We used the model economy to examine the effectiveness of several policies such as rental subsidies, housing vouchers, and relaxation of borrowing constraints in reducing the flow to homelessness at the steady-state.
Dr. Kai (Jackie) Zhao is an Associate Professor in the Department of Economics at the University of Connecticut. His research interests include macroeconomics, public policy, inequality, saving, health and the Chinese economy.
Canva as a Content Presentation Tool, presented by Angelika Stout (UNO - College of Business Administration)
With the threat of becoming a total Zoom-bie drawing nearer every day, keeping students engaged in content can be a constant challenge. Canva can help! Spicing up content delivery with new visual layouts, templates, images, and modalities can help sustain interest in course content.
With a variety of fresh templates for presentation slides, infographics, posters, graphs, and brochures along with an expansive and diverse library of photos and clipart, Canva can help any novice presenter design and deliver content with a professional polish. This brown-bag will present basic uses, features, templates, and examples within Canva. Participants are encouraged to set up a free Canva account prior to the session.

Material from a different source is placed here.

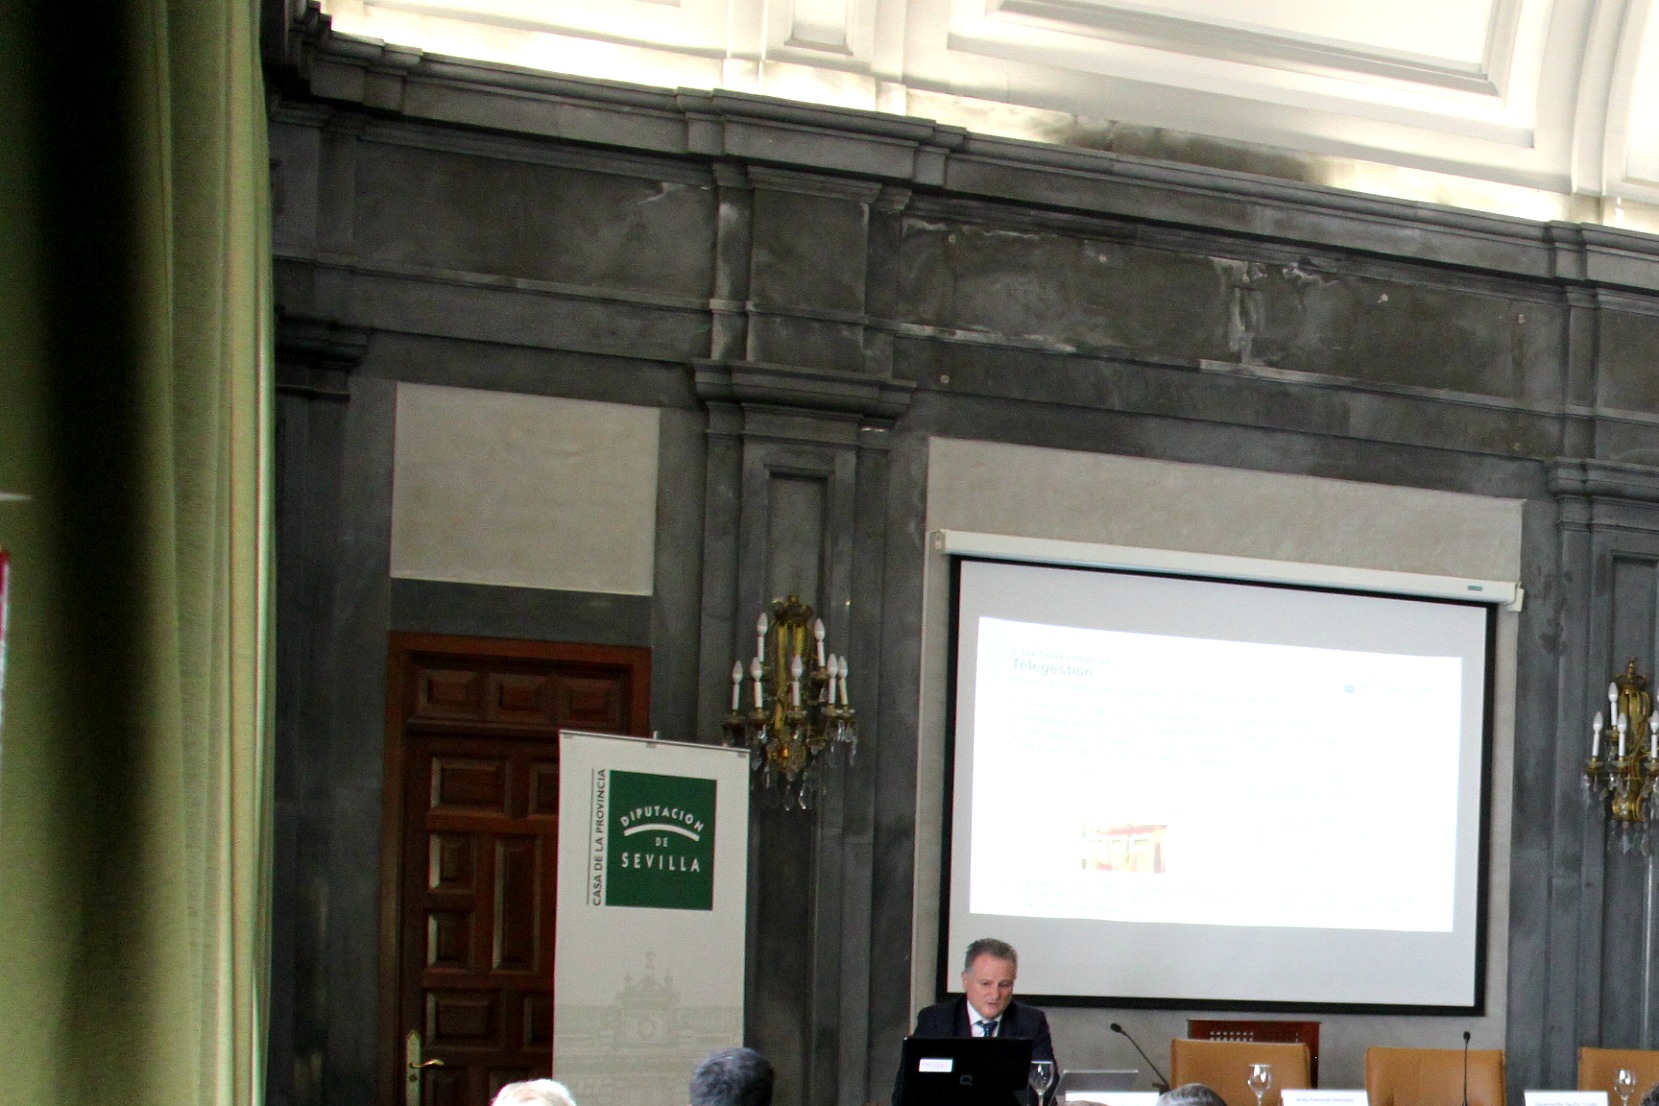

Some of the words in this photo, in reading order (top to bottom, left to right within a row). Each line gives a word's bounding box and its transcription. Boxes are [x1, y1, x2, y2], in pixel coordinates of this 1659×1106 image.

A UNO alumna (BSBA 2011, MA 2013), Angelika Stout teaches four sections of Business Communication each semester. After earning a master's in English, she worked as the founding program coordinator for UNO's Master of Arts in Critical and Creative Thinking, helping shepherd the program through the approval process. Her teaching experience includes teaching basic writing, English as a second language, composition-level writing, and professional/business writing.